The Presidential Office said yesterday it was attempting to determine whether the Chinese-language Liberty Times (the Taipei Times’ sister paper) violated journalistic ethics by superimposing a purported picture of President Ma Ying-jeou’s (馬英九) motorcade onto another photo in its Monday issue.
Liberty Times spokesman Jackson Su (蘇宇暉) said the paper had made it clear in a note appearing next to the picture that the photo was a composite.
The photo in question illustrated a story on Ma, who doubles as Chinese Nationalist Party (KMT) chairman, stumping for KMT candidates ahead of the local elections. His motorcade has been speeding along fast lanes of freeways while officials used loudspeakers to order vehicles to make way, the report said.
Presidential Office Spokesman Wang Yu-chi (王郁琦) said the photo used was not one of Ma’s convoy, but rather that of former president Chen Shui-bian (陳水扁).
The leading vehicle in Ma’s motorcade is a BMW740 and Ma rides in a Ford E350, while the lead car in the composite photograph was a Ford and the presidential vehicle a BMW — a formation matching that used during the Chen presidency, Wang said.
Pointing to a recent controversy caused by the Apple Daily’s News-in-Motion Web feature — which uses animated graphics to reconstruct events — Wang said that the public and media would judge whether the Liberty Times failed to meet journalistic ethics.
Wang said that Su had misquoted him as saying that Ma’s motorcade was traveling in the fast lane because the shoulder was too small.
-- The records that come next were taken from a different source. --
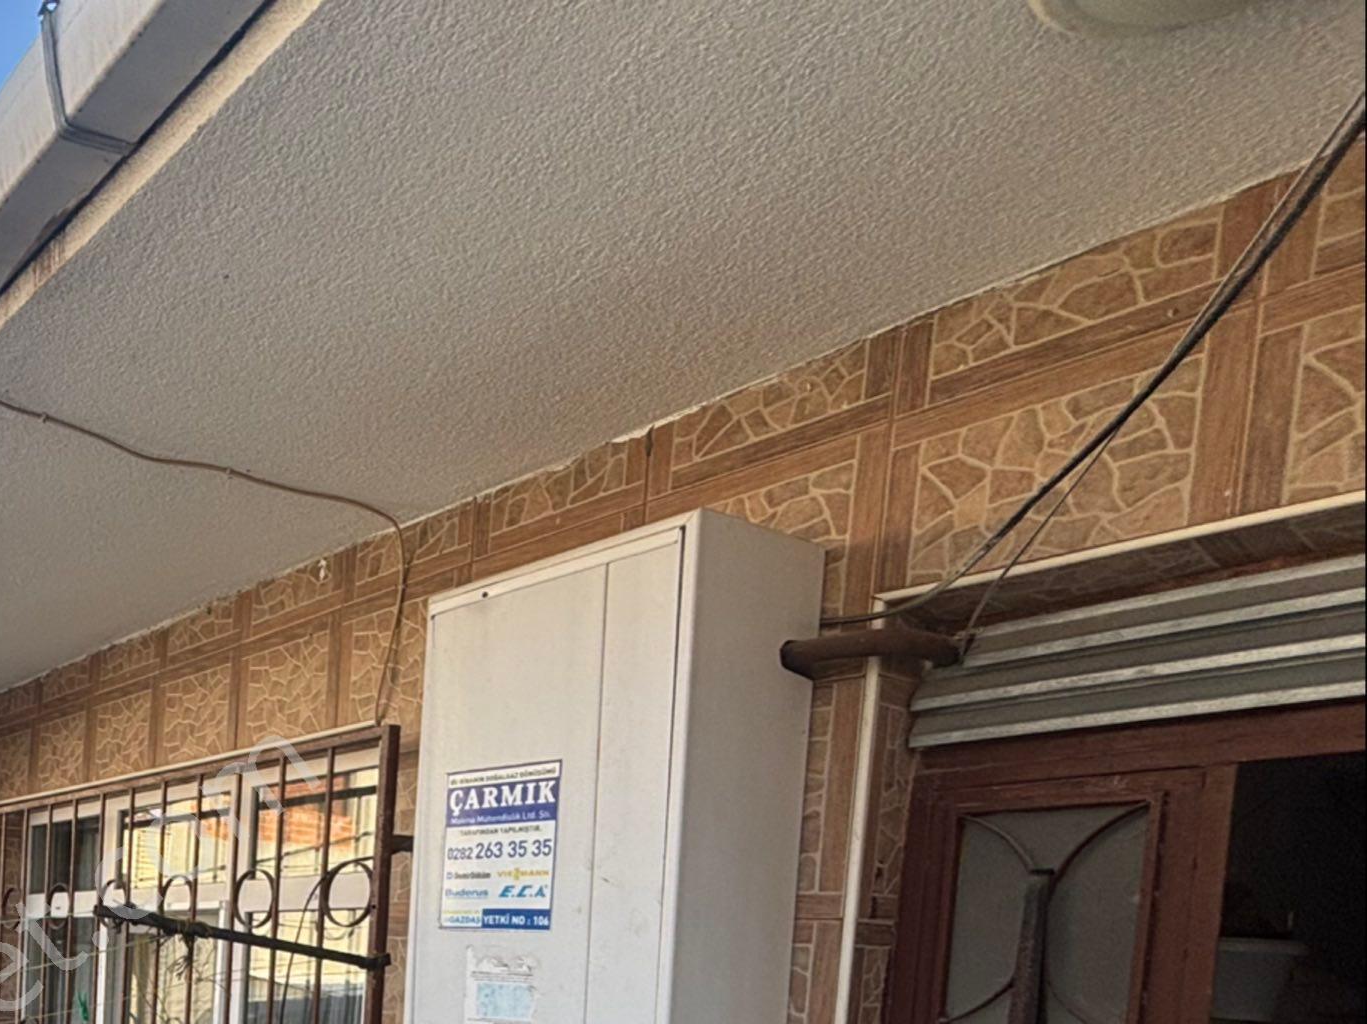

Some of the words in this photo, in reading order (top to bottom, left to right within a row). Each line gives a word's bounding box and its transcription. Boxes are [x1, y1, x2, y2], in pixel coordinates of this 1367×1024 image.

[450, 780, 556, 816] ÇARMIK
[447, 847, 473, 860] 0282
[475, 842, 503, 859] 263
[508, 840, 527, 858] 35
[532, 839, 552, 857] 35
[445, 888, 489, 897] Buderus
[483, 913, 510, 925] YETKİ
[511, 915, 525, 925] NO
[534, 915, 549, 926] 106
“I never said that,” Wang said. “What I said about the shoulder applied to the situation in general, not this specific incident.”
Su said the paper used three photographs to make the picture: an overcrowded freeway as a background, the leading vehicle and the presidential car.
Su said the leading and presidential vehicles were from Ma’s motorcade and had nothing to do with Chen.
Following the Liberty Times report on Monday, Wang apologized for the inconvenience caused by Ma’s motorcade.
The Presidential Office later said that Ma was not in the car when the motorcade was rushing back to Taipei, but flying from Hsinchu to Chiayi on the presidential plane.